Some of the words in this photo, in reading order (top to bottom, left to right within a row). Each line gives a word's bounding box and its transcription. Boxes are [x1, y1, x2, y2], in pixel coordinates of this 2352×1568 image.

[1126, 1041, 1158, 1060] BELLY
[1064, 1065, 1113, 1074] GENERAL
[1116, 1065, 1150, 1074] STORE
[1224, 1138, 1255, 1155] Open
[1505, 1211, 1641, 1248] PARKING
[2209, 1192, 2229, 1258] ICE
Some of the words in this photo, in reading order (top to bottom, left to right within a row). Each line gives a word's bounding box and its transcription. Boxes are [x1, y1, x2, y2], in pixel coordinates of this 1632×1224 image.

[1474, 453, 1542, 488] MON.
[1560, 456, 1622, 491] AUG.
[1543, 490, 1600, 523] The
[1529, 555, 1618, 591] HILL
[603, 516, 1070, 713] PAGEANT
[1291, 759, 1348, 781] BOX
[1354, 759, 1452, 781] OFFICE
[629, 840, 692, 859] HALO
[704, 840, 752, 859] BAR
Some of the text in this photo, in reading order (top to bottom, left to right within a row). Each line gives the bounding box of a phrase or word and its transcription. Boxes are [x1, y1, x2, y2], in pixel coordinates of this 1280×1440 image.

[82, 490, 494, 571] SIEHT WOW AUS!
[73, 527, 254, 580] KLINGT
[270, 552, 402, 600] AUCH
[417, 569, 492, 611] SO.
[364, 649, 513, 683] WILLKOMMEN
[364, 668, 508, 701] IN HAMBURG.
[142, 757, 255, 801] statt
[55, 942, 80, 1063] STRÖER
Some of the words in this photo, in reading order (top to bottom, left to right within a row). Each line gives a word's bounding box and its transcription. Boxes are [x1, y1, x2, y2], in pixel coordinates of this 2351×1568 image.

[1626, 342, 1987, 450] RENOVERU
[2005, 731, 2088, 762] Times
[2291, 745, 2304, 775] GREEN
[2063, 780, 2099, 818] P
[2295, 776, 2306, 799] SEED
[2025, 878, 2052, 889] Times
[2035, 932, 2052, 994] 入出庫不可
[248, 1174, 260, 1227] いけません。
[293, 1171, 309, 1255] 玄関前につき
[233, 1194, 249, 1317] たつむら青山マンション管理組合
.....
Write the whole of the data out again exactly as it stands.

Some of the words in this photo, in reading order (top to bottom, left to right within a row). Each line gives a word's bounding box and its transcription. Boxes are [x1, y1, x2, y2], in pixel coordinates of this 2352×1568 image.

[1126, 1041, 1158, 1060] BELLY
[1064, 1065, 1113, 1074] GENERAL
[1116, 1065, 1150, 1074] STORE
[1224, 1138, 1255, 1155] Open
[1505, 1211, 1641, 1248] PARKING
[2209, 1192, 2229, 1258] ICE
Some of the words in this photo, in reading order (top to bottom, left to right within a row). Each line gives a word's bounding box and its transcription. Boxes are [x1, y1, x2, y2], in pixel coordinates of this 1632×1224 image.

[1474, 453, 1542, 488] MON.
[1560, 456, 1622, 491] AUG.
[1543, 490, 1600, 523] The
[1529, 555, 1618, 591] HILL
[603, 516, 1070, 713] PAGEANT
[1291, 759, 1348, 781] BOX
[1354, 759, 1452, 781] OFFICE
[629, 840, 692, 859] HALO
[704, 840, 752, 859] BAR
Some of the text in this photo, in reading order (top to bottom, left to right within a row). Each line gives the bounding box of a phrase or word and its transcription. Boxes are [x1, y1, x2, y2], in pixel coordinates of this 1280×1440 image.

[82, 490, 494, 571] SIEHT WOW AUS!
[73, 527, 254, 580] KLINGT
[270, 552, 402, 600] AUCH
[417, 569, 492, 611] SO.
[364, 649, 513, 683] WILLKOMMEN
[364, 668, 508, 701] IN HAMBURG.
[142, 757, 255, 801] statt
[55, 942, 80, 1063] STRÖER
Some of the words in this photo, in reading order (top to bottom, left to right within a row). Each line gives a word's bounding box and its transcription. Boxes are [x1, y1, x2, y2], in pixel coordinates of this 2351×1568 image.

[1626, 342, 1987, 450] RENOVERU
[2005, 731, 2088, 762] Times
[2291, 745, 2304, 775] GREEN
[2063, 780, 2099, 818] P
[2295, 776, 2306, 799] SEED
[2025, 878, 2052, 889] Times
[2035, 932, 2052, 994] 入出庫不可
[248, 1174, 260, 1227] いけません。
[293, 1171, 309, 1255] 玄関前につき
[233, 1194, 249, 1317] たつむら青山マンション管理組合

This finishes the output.